Oswald Osgood was an insufferable know-it-all. The fact that he was a college professor didn’t help him much and the fact that his specialty was William Shakespeare helped him even less. Studying “the Bard” only made him think more of himself and less of everyone else. “No one,” he liked to complain, “can ever reach Shakespeare’s level of technique, or have his command of or ultimate impact on the English language.” And you know what that means.
“Shakespeare wasn’t even a Bard,” said one of his students, Stephanie Wing, “I mean, not really. He wrote on commission for, like, noble people and even for the Queen herself, right? It’s not like he went from town to town singing songs.”
Her male friend who was not her boyfriend, Justin Leech, had some things to say about that on a factual level, but instead scooped up the heart of the statement and agreed that “Shakespeare is not really all he’s cracked up to be. His writing is delightful, sure, but so much of the ‘myth of Shakespeare’ is perpetuated by the endless cycle of scholarship on the subject.”
And yet so much of that scholarship relied on information that was incomplete. “There is so much that we still don’t know,” Professor Osgood often lamented in his classes. “There are whole plays that have been lost to us—the Cardenio, which we are certian was based on an episode from the Don Quixote, and Love’s Labour’s Won, which might have been one of his later comedies under a different name, but I, for one, don’t think so.”

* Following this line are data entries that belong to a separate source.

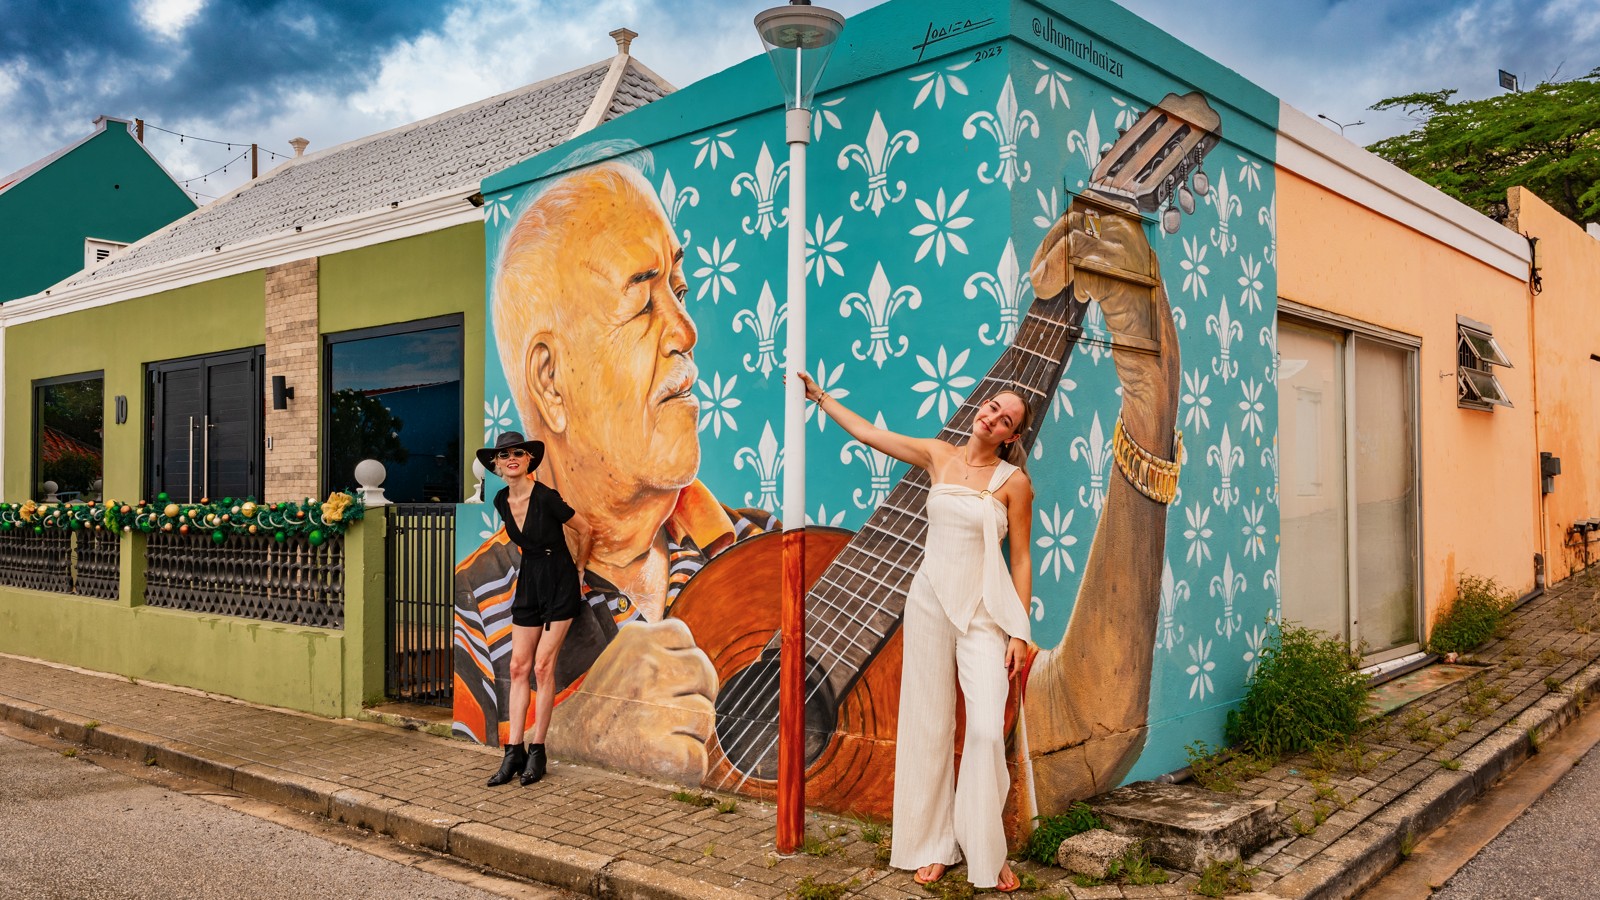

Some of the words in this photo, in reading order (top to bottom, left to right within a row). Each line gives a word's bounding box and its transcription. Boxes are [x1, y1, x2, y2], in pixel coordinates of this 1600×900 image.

[974, 45, 1003, 63] 2023
[1032, 17, 1124, 79] @Jhomarloaiza
[114, 394, 128, 425] 10
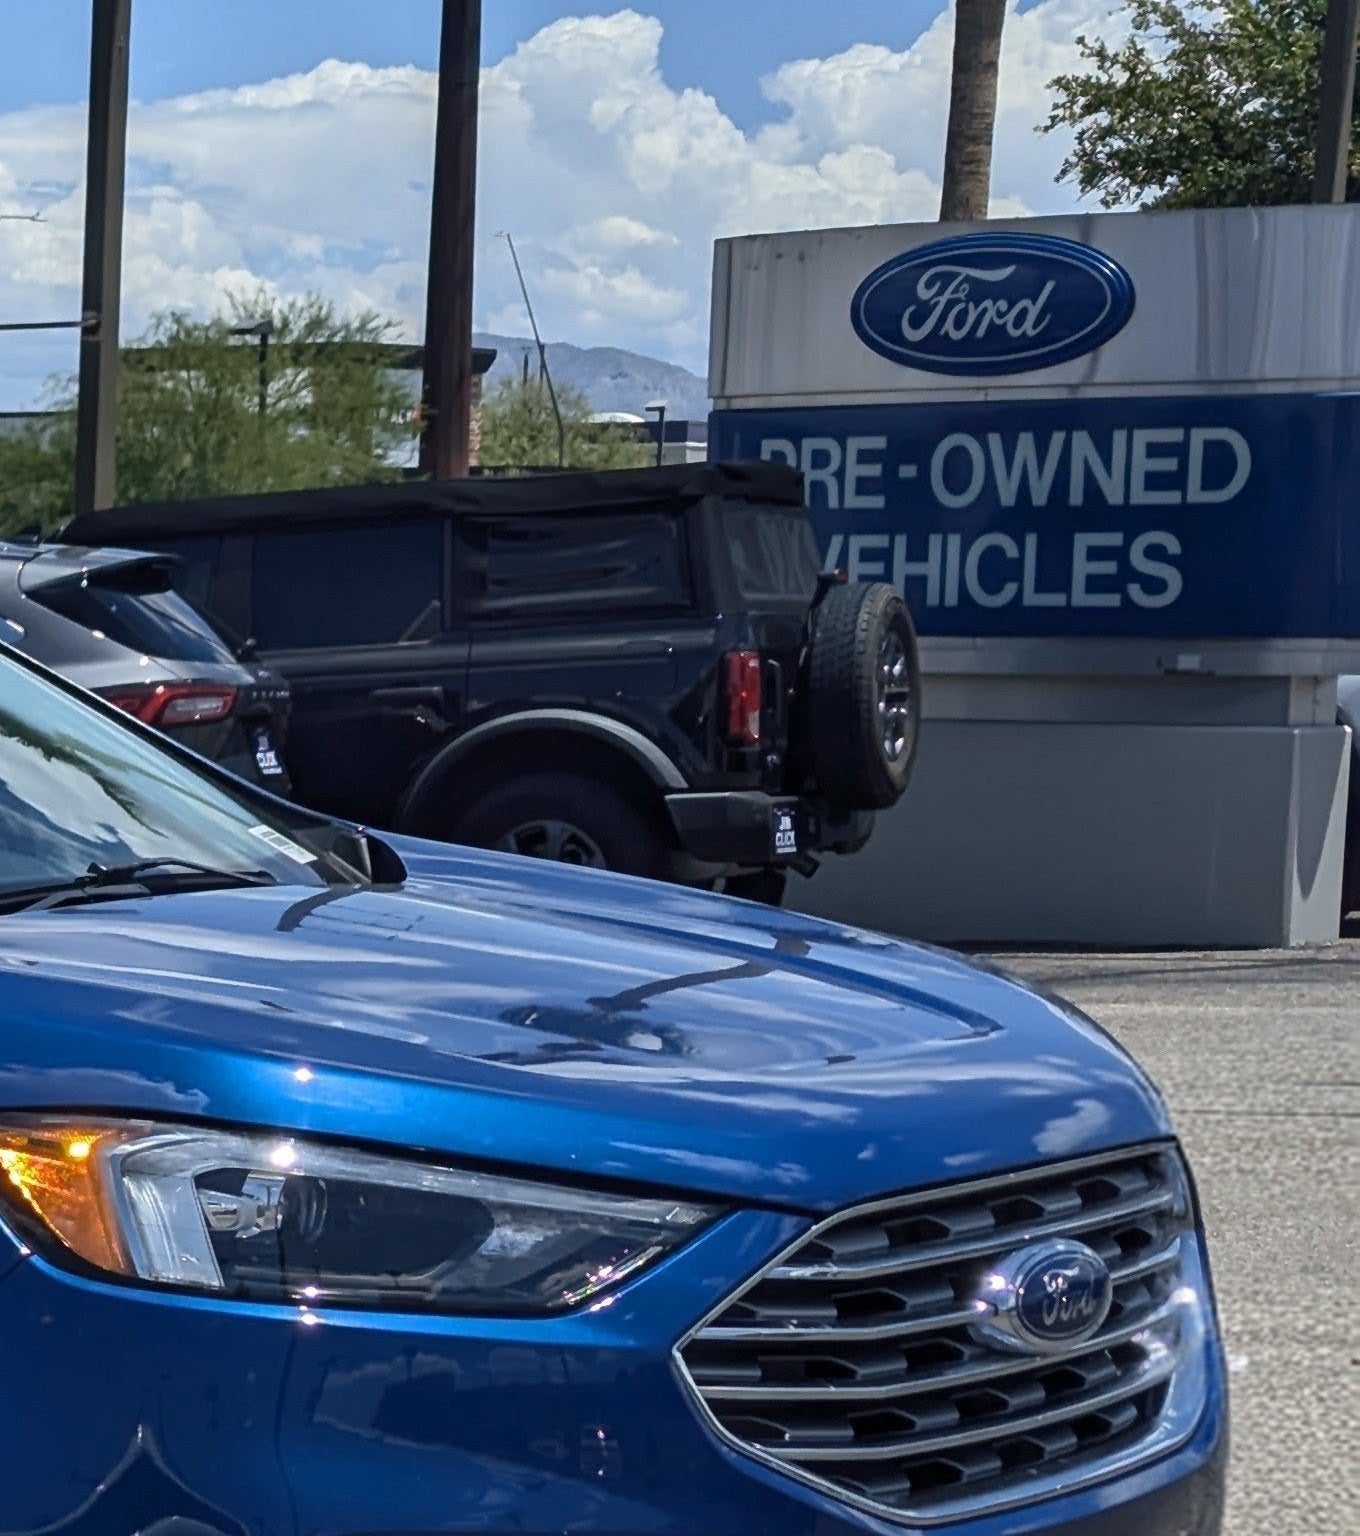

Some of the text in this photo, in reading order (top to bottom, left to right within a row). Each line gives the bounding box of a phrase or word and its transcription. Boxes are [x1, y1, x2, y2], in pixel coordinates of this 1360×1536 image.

[901, 264, 1055, 342] Ford
[822, 530, 1183, 609] EHICLES
[1041, 1265, 1095, 1327] Ford

This would then trigger one of Professor Osgood’s favorite lecturing subjects: “If you look at the plot,” he said, “of Love’s Labour’s Lost, you’ll find two things of equal and related interest: the first is that there is more than one strand of action left utterly unresolved at the play’s conclusion; but more striking still is the fact that, despite its status as a comedy, structurally it can be called a tragedy in that the ending does not feature a wedding but rather the death of a king. This is monumental and should be considered incontrovertible evidence that Shakespeare had in fact intended to write what we now call a sequel to this early play, and we know from the records that a play with that title was performed. We just don’t have access to any of the text.”
“Maybe it just sucked,” Stephanie suggested. But that was, of course, not an argument that would hold water for torch-carrier Oswald Osgood.
Imagine the reaction, though, given Oswald’s obsession, when he came back to his office one day to find a box at his door marked “urgent and confidential”; he brought it inside with him, opened it up and discovered a faded and weary manuscript entitled “Love’s Labour’s Won: A New Play by William Shaksper”.
It wasn’t possible! It was some sort of joke, some sickly scheme. Wasn’t it?
Who would do such a thing?
Yet who could do such a thing?
Careful with the fragile pages, Oswald set about reading the text, and it was wonderful. Delightful, even. Filled with precious little quirks and four-hundred-year-old plot twists that still made him cry out “I knew it! I knew it!” in jubilation at their conclusion.
It was everything a Shakespearean scholar could ever possibly want and more.
But where had it come from?
“Oh, who cares!” Oswald reasoned, “if they sent it to me, it’s because they wanted me to have it—they probably didn’t know what to do with it anyway.”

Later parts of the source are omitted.